Pro-life activist tells meeting about being arrested praying near abortion clinic

A woman who was arrested while praying in silence outside an abortion clinic in the UK was in Dublin on Saturday for the Rally for Life and told a gathering before the march about her ordeal. Some local councils in Britain have introduced exclusion zones outside centres that provide abortions and the Irish government wants to introduce a similar prohibition here in Ireland, but on a national basis, which would make us an outlier internationally.

Isabel Vaughan-Spruce was arrested and charged in Birmingham on 6th December last year while praying in silence across the road from an abortion clinic.

“I didn’t have any leaflet on me, no poster, or pro-life t-shirt or anything like that. I wasn’t manifesting my prayer in any way. And clearly, the thoughts inside my head, that can’t be prohibited by any law, because that is just my private business”, she told the meeting in Dublin (which was organised by Family Solidarity).

She was accused of breaching a Public Space Protection Order (PSPO) issued by Birmingham City Council that prohibits any act of disapproval of abortion services, by any means, “including prayer or counselling”, in the vicinity of some abortion clinics.

I was asked [by police] if I was protesting, I made it clear I wasn’t protesting, but when I was asked if I was praying, I said I might be silently praying but not aloud, and I was arrested on that basis”, Isabel told the Saturday’s meeting. The video of this shocking incident went viral.

She was locked in a police cell for a few hours, and quizzed about her pro-life activities.

“The police particularly wanted to know what I was thinking about, what I have been praying for, and I stress that because some people say that it had nothing to do with your prayer, why you were arrested. It quite clearly was because this is what the police was quizzing me about when I was in the police station.”
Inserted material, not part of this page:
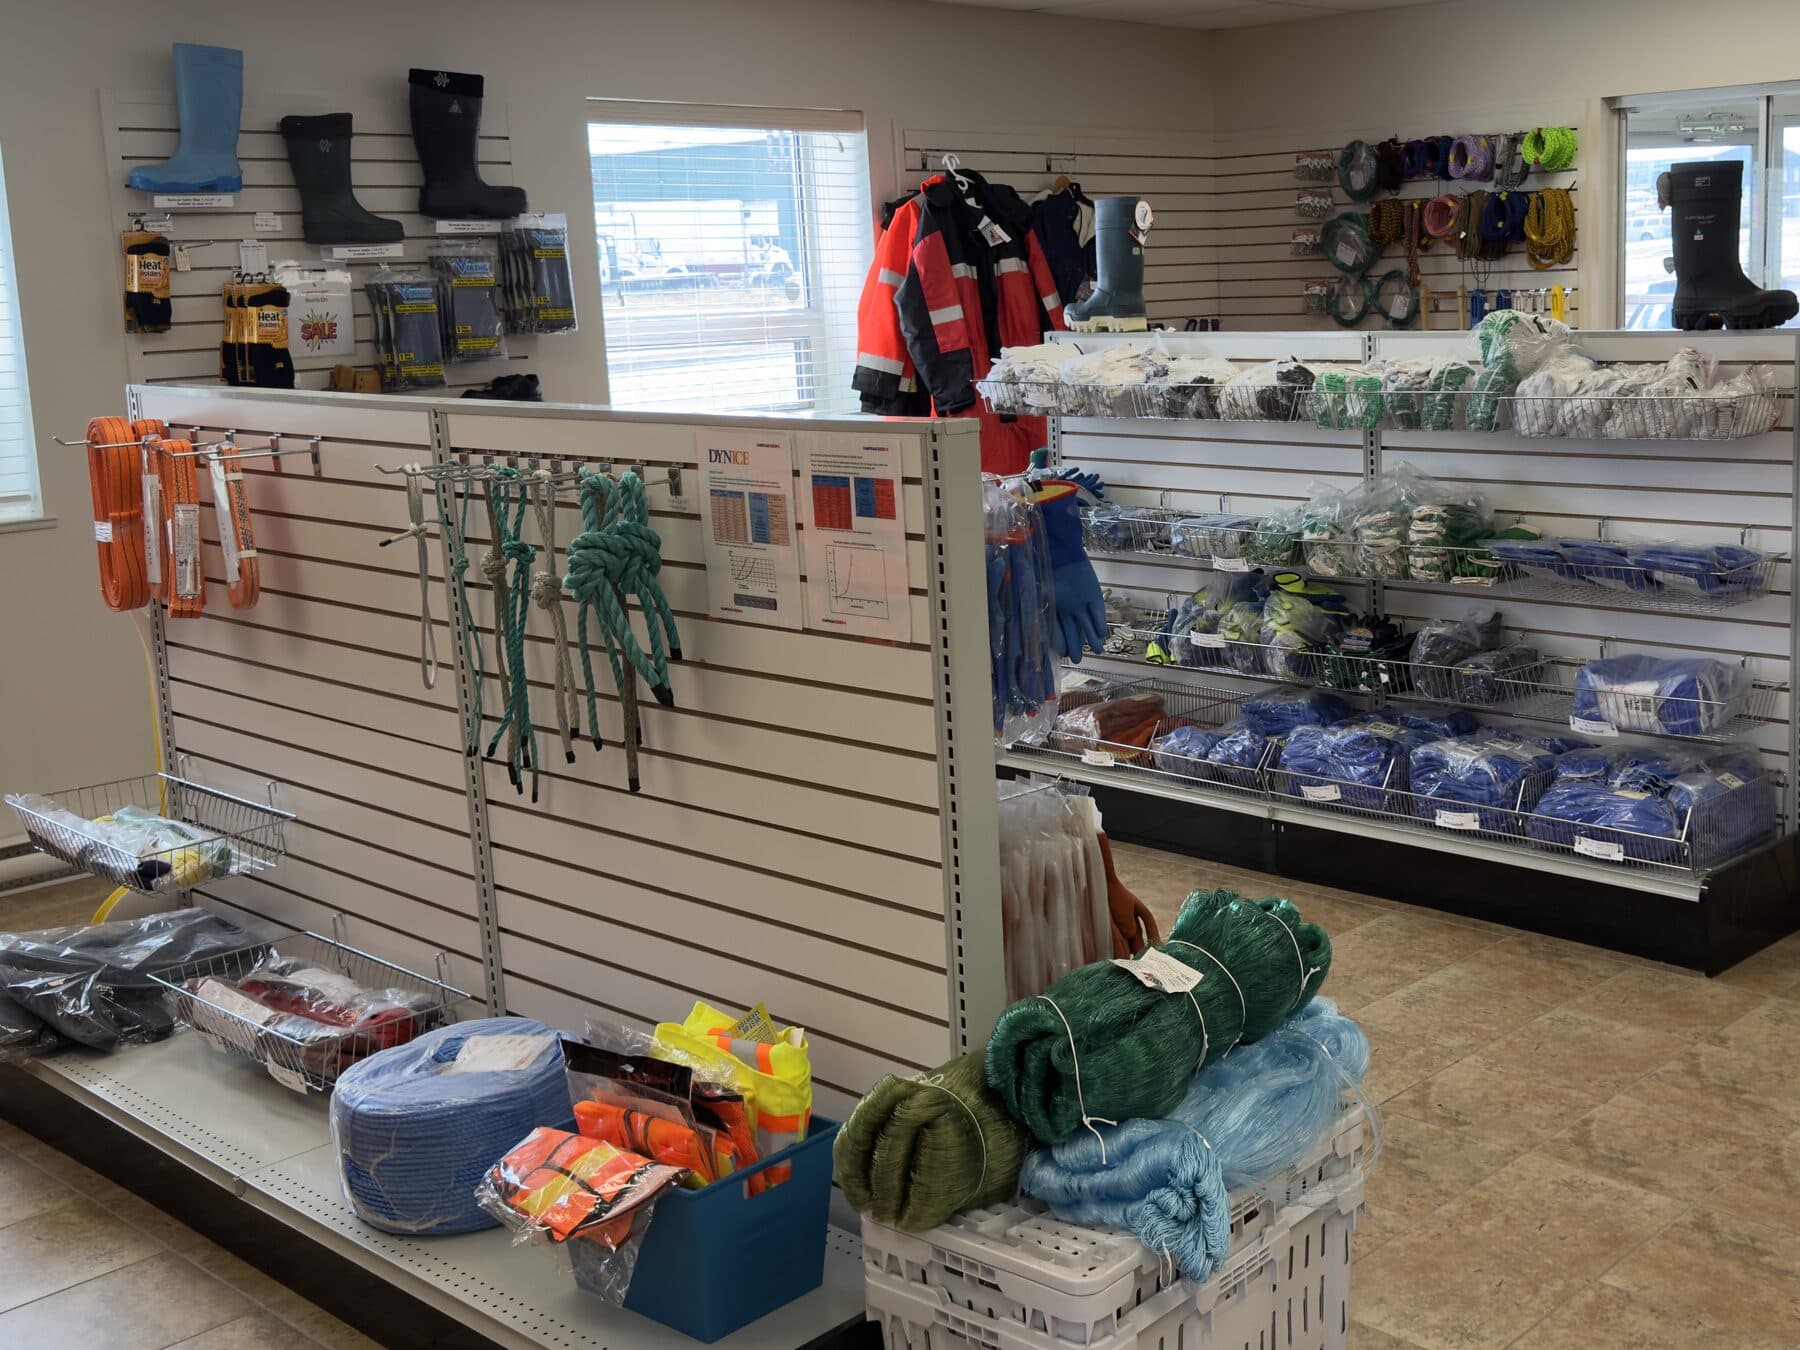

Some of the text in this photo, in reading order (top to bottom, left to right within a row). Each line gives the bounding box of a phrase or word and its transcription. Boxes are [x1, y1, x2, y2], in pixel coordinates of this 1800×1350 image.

Eventually, she was completely acquitted from all charges in February, together with a priest who was arrested, on a separate occasion, also for praying outside the same abortion clinic.

Two weeks after she was acquitted, Isabel Vaughan-Spruce went to pray in the same spot and was arrested again.
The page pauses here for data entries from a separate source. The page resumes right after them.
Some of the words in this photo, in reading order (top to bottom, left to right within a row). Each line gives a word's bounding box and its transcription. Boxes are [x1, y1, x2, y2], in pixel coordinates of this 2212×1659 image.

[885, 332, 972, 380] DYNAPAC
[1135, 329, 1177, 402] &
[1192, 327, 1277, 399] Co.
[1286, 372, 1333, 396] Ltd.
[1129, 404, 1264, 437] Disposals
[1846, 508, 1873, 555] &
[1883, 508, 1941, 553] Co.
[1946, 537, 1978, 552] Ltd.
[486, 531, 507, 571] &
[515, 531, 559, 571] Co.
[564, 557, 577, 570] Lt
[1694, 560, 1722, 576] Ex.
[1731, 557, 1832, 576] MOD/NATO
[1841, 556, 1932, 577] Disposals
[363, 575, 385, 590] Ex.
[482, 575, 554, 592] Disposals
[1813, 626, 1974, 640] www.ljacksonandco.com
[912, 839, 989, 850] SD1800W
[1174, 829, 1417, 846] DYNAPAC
“Since I was completely acquitted, and vindicated of everything, I thought it is ok for me to go and do it right now. This time six police officers came with a van. The police officer told me: ‘your prayers are an offence’. When I said, I didn’t think prayers could be offensive, he just become more emphatic. ‘Your prayers are an offence’. And they took me away in a police van, I was in a cell for a while and eventually was released on bail.”

She has not been charged for this second arrest, but this might still happen.
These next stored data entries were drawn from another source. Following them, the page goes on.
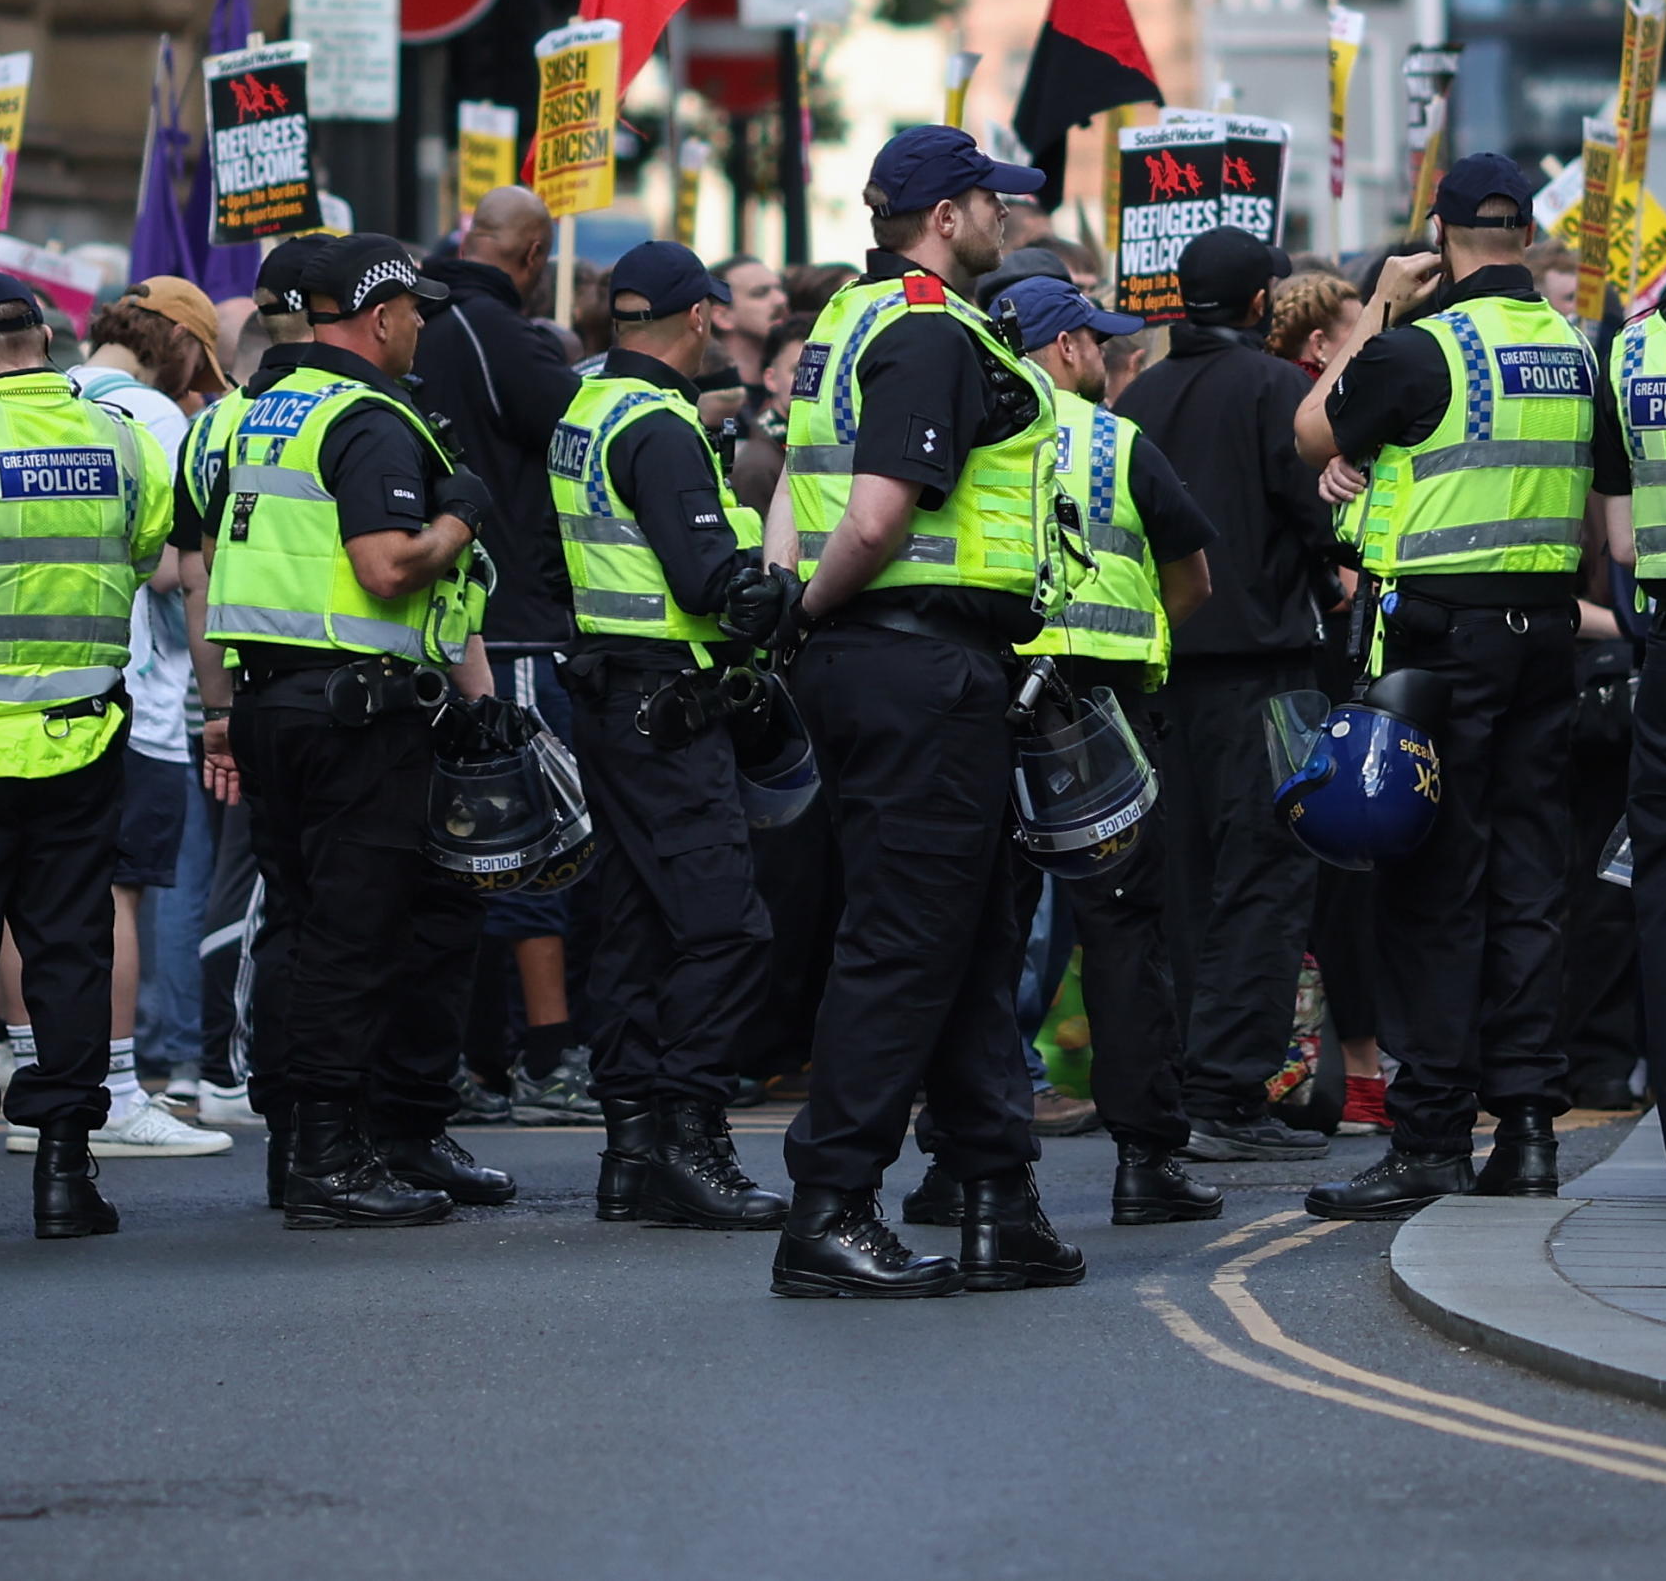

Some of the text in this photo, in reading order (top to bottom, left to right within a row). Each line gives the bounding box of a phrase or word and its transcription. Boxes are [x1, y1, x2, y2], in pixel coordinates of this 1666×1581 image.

[544, 50, 589, 91] SMASH
[216, 113, 308, 163] REFUGEES
[552, 130, 609, 168] RACISM
[217, 146, 309, 195] WELCOME
[1122, 198, 1219, 241] REFUGEES
[1122, 236, 1191, 276] WELCO
[1500, 350, 1584, 366] GREATER MANCHESTER
[1519, 366, 1581, 390] POLICE
[249, 396, 314, 429] POLICE
[2, 451, 114, 469] GREATER MANCHESTER
[548, 427, 589, 471] POLICE
[22, 468, 103, 493] POLICE
[1413, 762, 1442, 803] CK
[1098, 803, 1140, 839] POLICE
[474, 854, 521, 872] POLICE
It is astonishing that simple silent prayer is now illegal in some UK cities if it takes place close to an abortion clinic.

It is uncertain whether this could also happen in Ireland. A Bill approved by the Government only last week will make it a criminal offence to “engage in conduct directed at the public or a section of the public in a manner that is likely to influence the decision of a person in relation to availing of, or providing, termination of pregnancy services”. What does this mean?

The concept of conduct likely to “influence” a decision is so broad and vague that it could include almost anything, and even if it does not include praying silently, then almost certainly it does include praying in an audible way, never mind holding up a banner of some sort.

The introduction of “exclusion zones” around hospitals and GP clinics has been delayed for a number of years in Ireland as it might be unconstitutional and even the Garda Commissioner said that there was no need for such legislation as harassment is already a crime.

An attempt to impose exclusion zones in one part of Germany was recently found to be against the freedom of assembly by a federal court.
Isabel Vaughan-Spruce has been involved in pro-life activism for years. She recalled the hostile reactions she has experienced from time to time. She said: “we were sworn at, spat at, physically abused, we had our property stolen, we’d have cars driving down the street fast speed towards us, swerving off at the last minute, young women were told they’d be followed home, that things would happen to their families. The aggression was terrible. There was even one person who had to do ‘restorative justice’ because we caught on camera the physical abuses he was giving to our volunteers.”
At least that person was justifiably found guilty of something. Isabel Vaughan-Spruce has been arrested twice for behaviour that any liberal democracy should permit.